▸ **What to work on**
Give back the entire listing below, unaltered.
================================
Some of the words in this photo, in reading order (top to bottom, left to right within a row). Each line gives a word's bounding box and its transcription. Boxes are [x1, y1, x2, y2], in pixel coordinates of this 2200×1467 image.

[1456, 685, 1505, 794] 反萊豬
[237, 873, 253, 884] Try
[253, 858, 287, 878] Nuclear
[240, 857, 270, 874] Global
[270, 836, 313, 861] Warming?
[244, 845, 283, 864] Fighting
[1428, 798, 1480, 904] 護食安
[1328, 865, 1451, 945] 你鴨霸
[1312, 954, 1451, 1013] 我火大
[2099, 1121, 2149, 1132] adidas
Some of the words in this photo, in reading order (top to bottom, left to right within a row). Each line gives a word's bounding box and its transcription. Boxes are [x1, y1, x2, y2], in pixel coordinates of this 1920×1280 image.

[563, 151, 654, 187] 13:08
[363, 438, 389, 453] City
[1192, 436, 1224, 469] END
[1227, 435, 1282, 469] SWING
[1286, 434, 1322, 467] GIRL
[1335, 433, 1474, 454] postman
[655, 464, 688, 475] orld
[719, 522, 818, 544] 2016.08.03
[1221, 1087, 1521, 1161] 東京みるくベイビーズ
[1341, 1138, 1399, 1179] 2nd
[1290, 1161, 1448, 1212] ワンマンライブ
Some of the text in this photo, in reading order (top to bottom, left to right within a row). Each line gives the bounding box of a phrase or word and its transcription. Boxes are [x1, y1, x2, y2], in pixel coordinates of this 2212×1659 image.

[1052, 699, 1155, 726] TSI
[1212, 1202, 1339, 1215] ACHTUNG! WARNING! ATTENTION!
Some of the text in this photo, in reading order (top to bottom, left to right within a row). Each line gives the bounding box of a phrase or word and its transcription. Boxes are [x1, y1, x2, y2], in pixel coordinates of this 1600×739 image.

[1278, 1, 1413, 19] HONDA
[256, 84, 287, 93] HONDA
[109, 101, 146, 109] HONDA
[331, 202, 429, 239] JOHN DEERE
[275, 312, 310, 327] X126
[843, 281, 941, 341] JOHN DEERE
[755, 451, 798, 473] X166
================================
▸ **Task solution**
Some of the words in this photo, in reading order (top to bottom, left to right within a row). Each line gives a word's bounding box and its transcription. Boxes are [x1, y1, x2, y2], in pixel coordinates of this 2200×1467 image.

[1456, 685, 1505, 794] 反萊豬
[237, 873, 253, 884] Try
[253, 858, 287, 878] Nuclear
[240, 857, 270, 874] Global
[270, 836, 313, 861] Warming?
[244, 845, 283, 864] Fighting
[1428, 798, 1480, 904] 護食安
[1328, 865, 1451, 945] 你鴨霸
[1312, 954, 1451, 1013] 我火大
[2099, 1121, 2149, 1132] adidas
Some of the words in this photo, in reading order (top to bottom, left to right within a row). Each line gives a word's bounding box and its transcription. Boxes are [x1, y1, x2, y2], in pixel coordinates of this 1920×1280 image.

[563, 151, 654, 187] 13:08
[363, 438, 389, 453] City
[1192, 436, 1224, 469] END
[1227, 435, 1282, 469] SWING
[1286, 434, 1322, 467] GIRL
[1335, 433, 1474, 454] postman
[655, 464, 688, 475] orld
[719, 522, 818, 544] 2016.08.03
[1221, 1087, 1521, 1161] 東京みるくベイビーズ
[1341, 1138, 1399, 1179] 2nd
[1290, 1161, 1448, 1212] ワンマンライブ
Some of the text in this photo, in reading order (top to bottom, left to right within a row). Each line gives the bounding box of a phrase or word and its transcription. Boxes are [x1, y1, x2, y2], in pixel coordinates of this 2212×1659 image.

[1052, 699, 1155, 726] TSI
[1212, 1202, 1339, 1215] ACHTUNG! WARNING! ATTENTION!
Some of the text in this photo, in reading order (top to bottom, left to right within a row). Each line gives the bounding box of a phrase or word and its transcription. Boxes are [x1, y1, x2, y2], in pixel coordinates of this 1600×739 image.

[1278, 1, 1413, 19] HONDA
[256, 84, 287, 93] HONDA
[109, 101, 146, 109] HONDA
[331, 202, 429, 239] JOHN DEERE
[275, 312, 310, 327] X126
[843, 281, 941, 341] JOHN DEERE
[755, 451, 798, 473] X166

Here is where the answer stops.